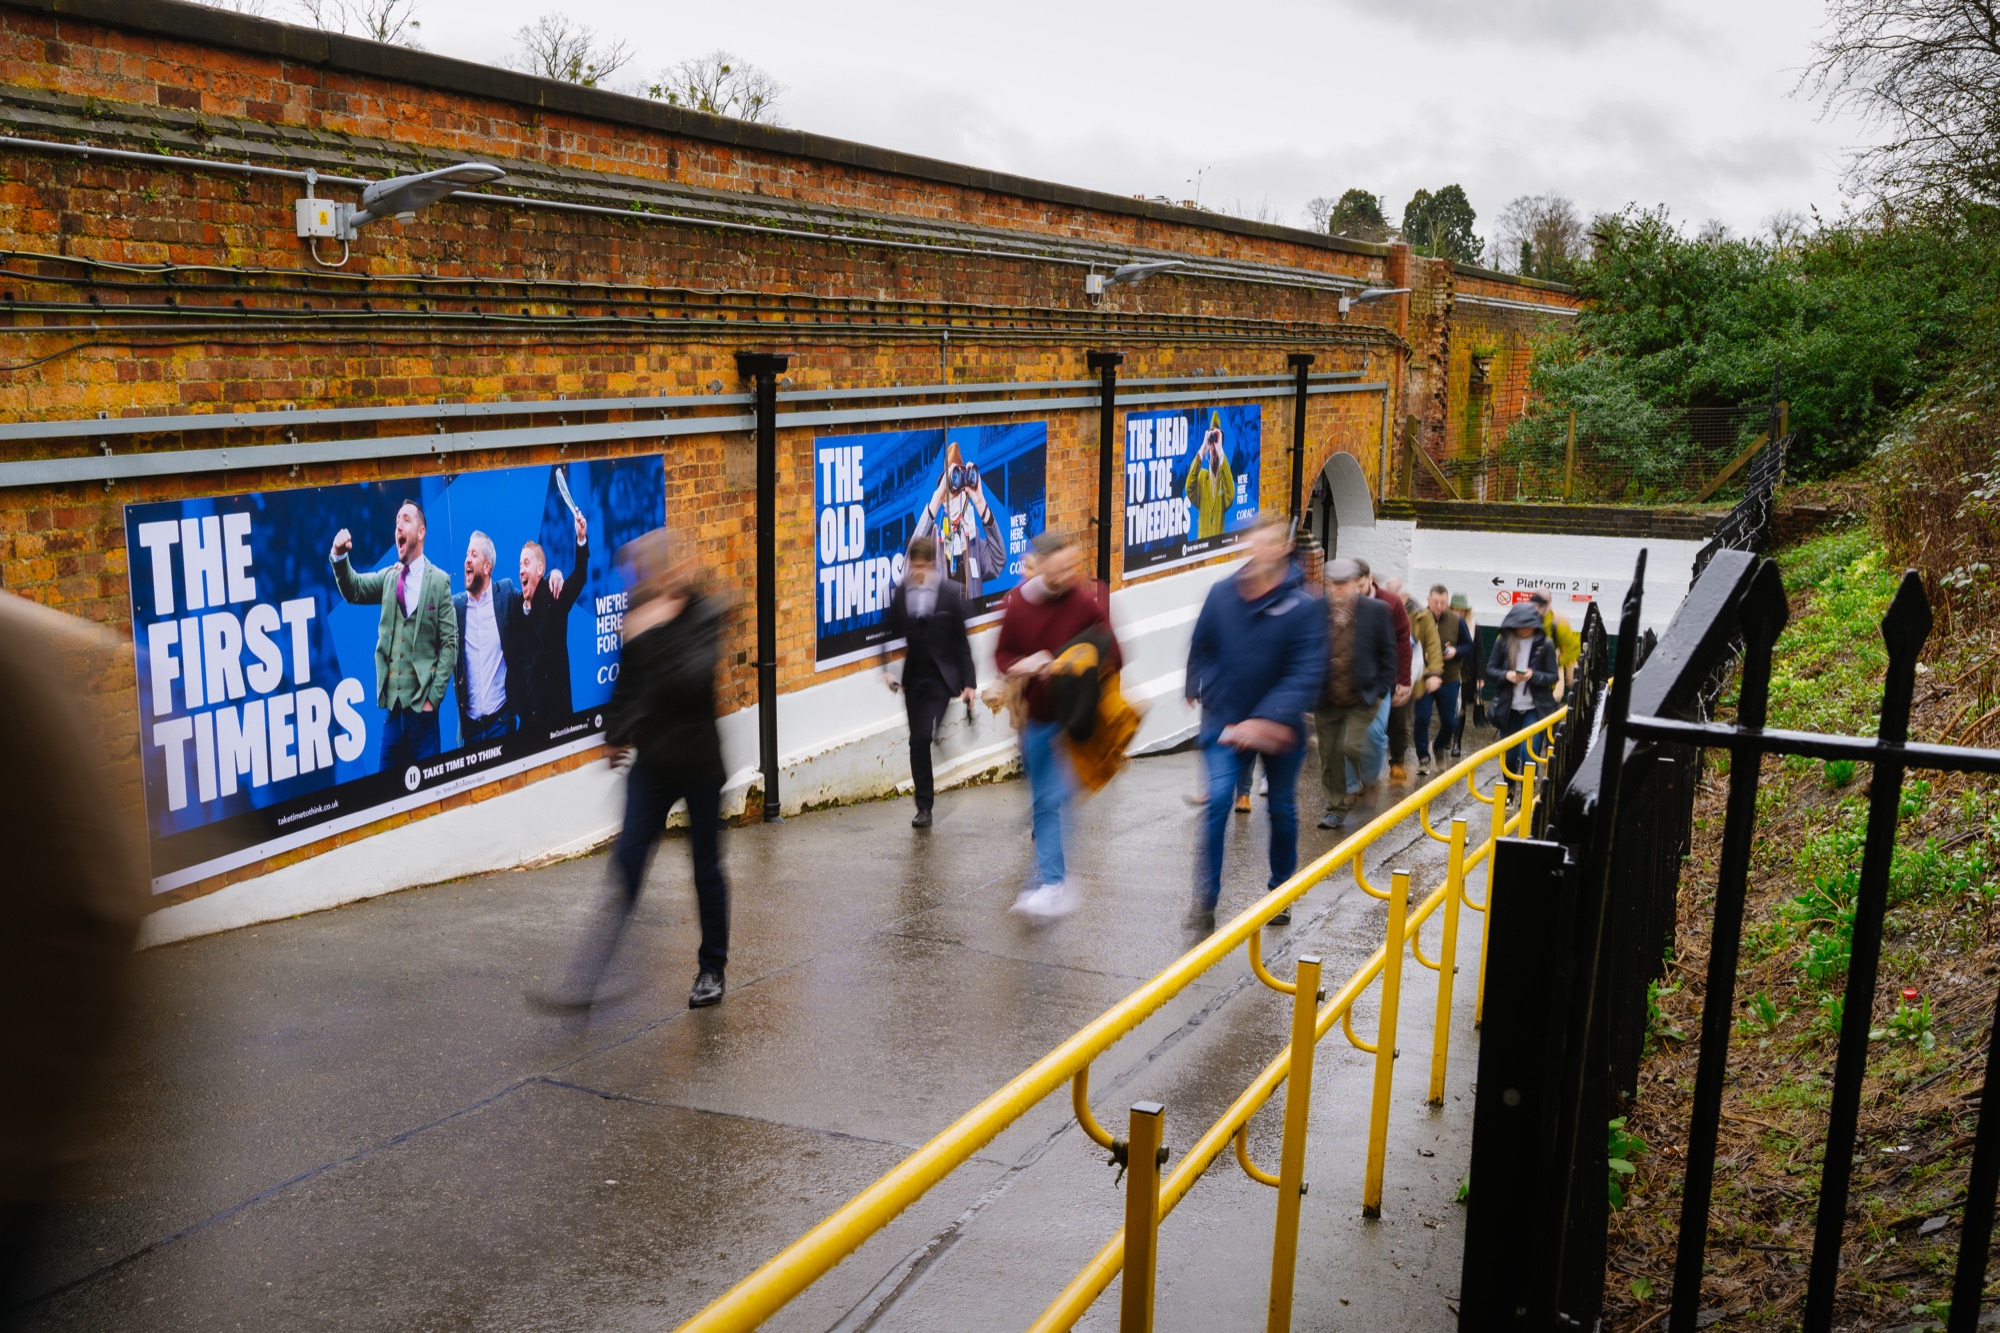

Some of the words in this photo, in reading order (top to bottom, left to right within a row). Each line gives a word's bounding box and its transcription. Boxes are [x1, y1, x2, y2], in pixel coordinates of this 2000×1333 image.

[1128, 418, 1153, 461] THE
[1156, 416, 1188, 458] HEAD
[819, 445, 864, 505] THE
[1127, 461, 1146, 504] TO
[1148, 459, 1173, 500] TOE
[1010, 513, 1027, 528] WE'RE
[1126, 496, 1192, 546] TWEEDERS
[1236, 508, 1253, 520] CORAL
[820, 504, 865, 565] OLD
[1010, 527, 1024, 541] HERE
[1010, 541, 1020, 555] FOR
[1021, 539, 1027, 552] IT
[139, 512, 257, 615] THE
[1009, 560, 1027, 575] COR
[820, 552, 905, 624] TIMERS
[1517, 578, 1566, 590] Platform
[1572, 581, 1580, 591] 2
[596, 592, 628, 615] WE'RE
[596, 613, 623, 635] HERE
[148, 597, 316, 716] FIRST
[597, 633, 618, 655] FOR
[153, 677, 366, 812] TIMERS
[423, 764, 444, 780] TAKE
[445, 757, 465, 772] TIME
[466, 753, 477, 766] TO
[478, 746, 502, 762] THINK
[277, 799, 339, 826] taketimetothink.co.uk
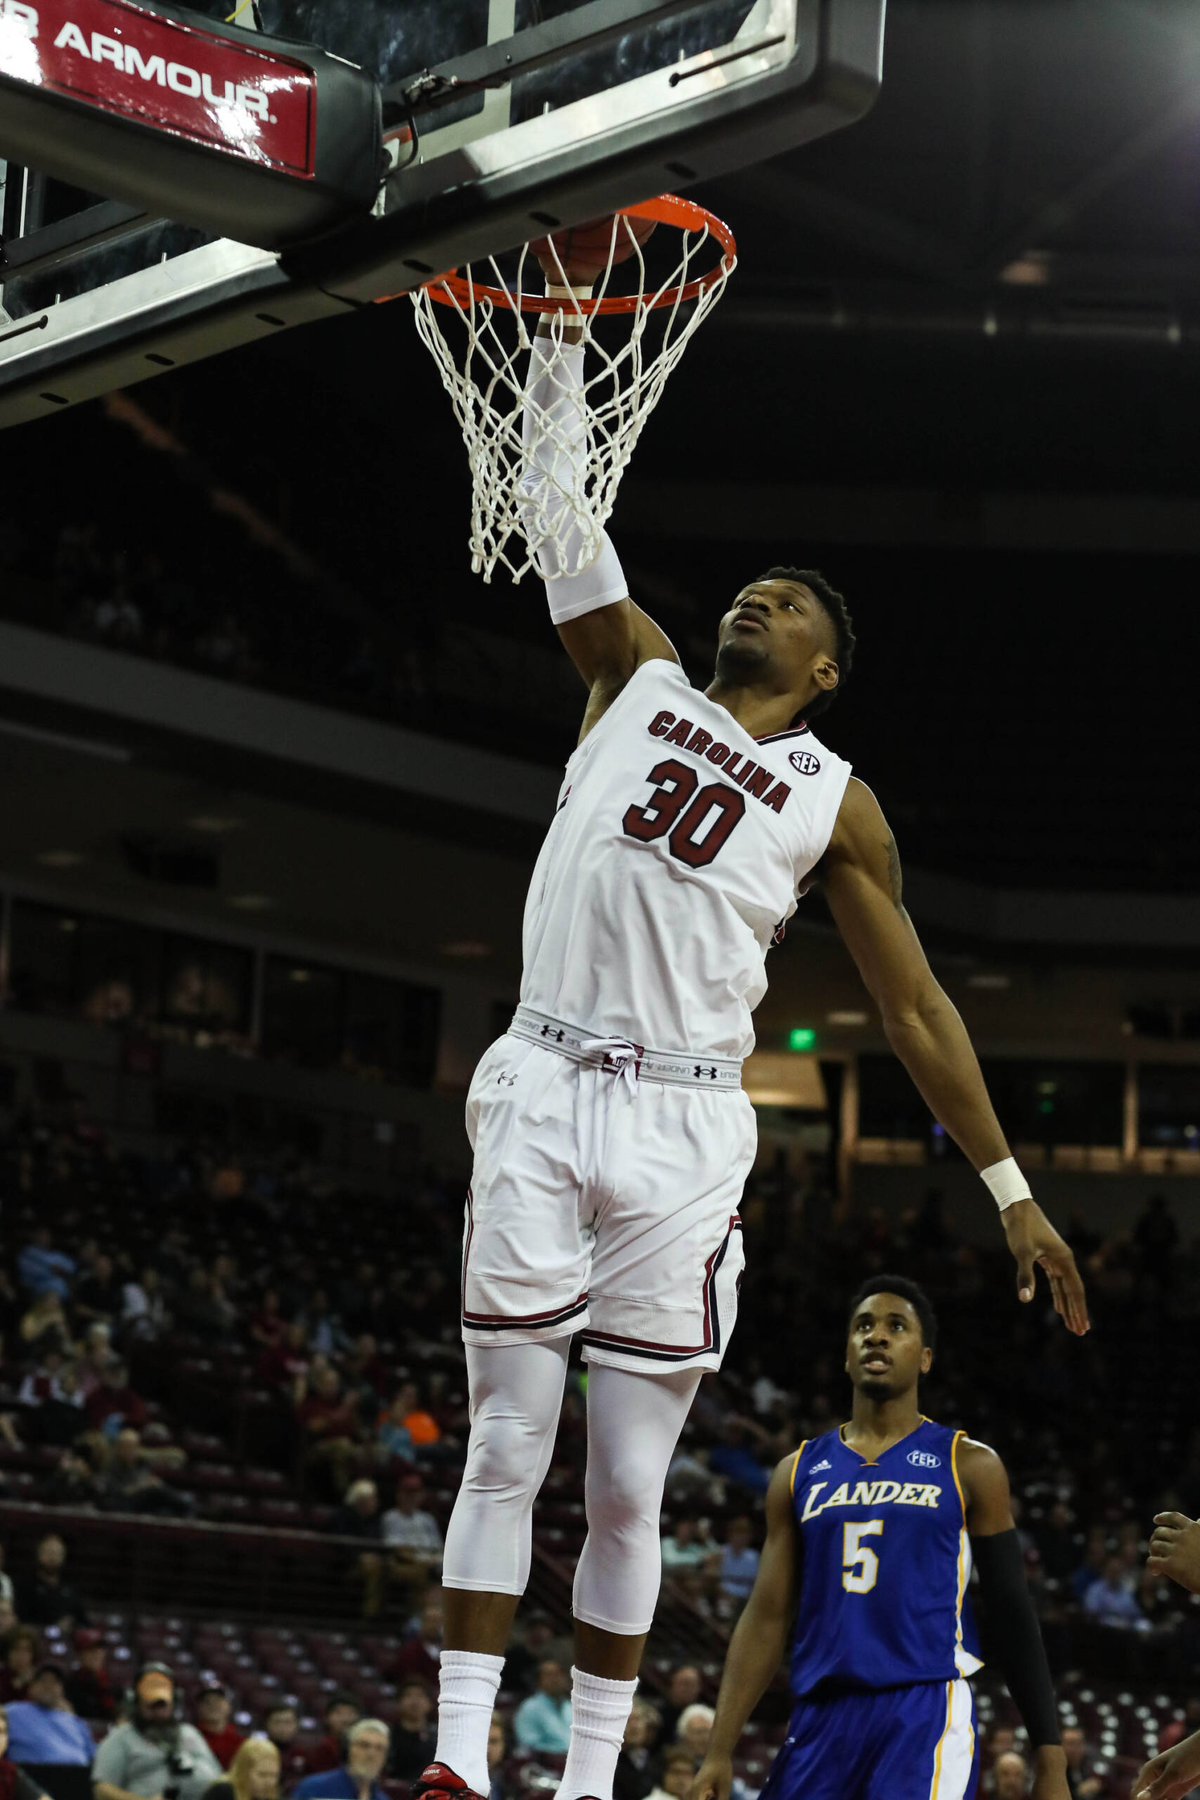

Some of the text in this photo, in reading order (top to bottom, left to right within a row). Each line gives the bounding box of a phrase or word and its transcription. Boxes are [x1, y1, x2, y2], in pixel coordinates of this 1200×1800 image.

[647, 710, 792, 814] CAROLINA
[791, 752, 819, 774] SEC
[622, 758, 746, 869] 30
[911, 1451, 936, 1467] FEH
[801, 1480, 942, 1523] LANDER
[842, 1519, 884, 1594] 5
::::::::::
Copy every record exactly; no pictures.

◆ FINAL ANSWER:
Some of the words in this photo, in reading order (top to bottom, left to right within a row). Each line gives a word's bounding box and its transcription. Boxes are [x1, y1, x2, y2], in pixel coordinates of this 2000×1333 image.

[1128, 418, 1153, 461] THE
[1156, 416, 1188, 458] HEAD
[819, 445, 864, 505] THE
[1127, 461, 1146, 504] TO
[1148, 459, 1173, 500] TOE
[1010, 513, 1027, 528] WE'RE
[1126, 496, 1192, 546] TWEEDERS
[1236, 508, 1253, 520] CORAL
[820, 504, 865, 565] OLD
[1010, 527, 1024, 541] HERE
[1010, 541, 1020, 555] FOR
[1021, 539, 1027, 552] IT
[139, 512, 257, 615] THE
[1009, 560, 1027, 575] COR
[820, 552, 905, 624] TIMERS
[1517, 578, 1566, 590] Platform
[1572, 581, 1580, 591] 2
[596, 592, 628, 615] WE'RE
[596, 613, 623, 635] HERE
[148, 597, 316, 716] FIRST
[597, 633, 618, 655] FOR
[153, 677, 366, 812] TIMERS
[423, 764, 444, 780] TAKE
[445, 757, 465, 772] TIME
[466, 753, 477, 766] TO
[478, 746, 502, 762] THINK
[277, 799, 339, 826] taketimetothink.co.uk

Some of the text in this photo, in reading order (top to bottom, left to right within a row). Each line gives the bounding box of a phrase or word and its transcription. Boxes are [x1, y1, x2, y2], in pixel coordinates of this 1200×1800 image.

[647, 710, 792, 814] CAROLINA
[791, 752, 819, 774] SEC
[622, 758, 746, 869] 30
[911, 1451, 936, 1467] FEH
[801, 1480, 942, 1523] LANDER
[842, 1519, 884, 1594] 5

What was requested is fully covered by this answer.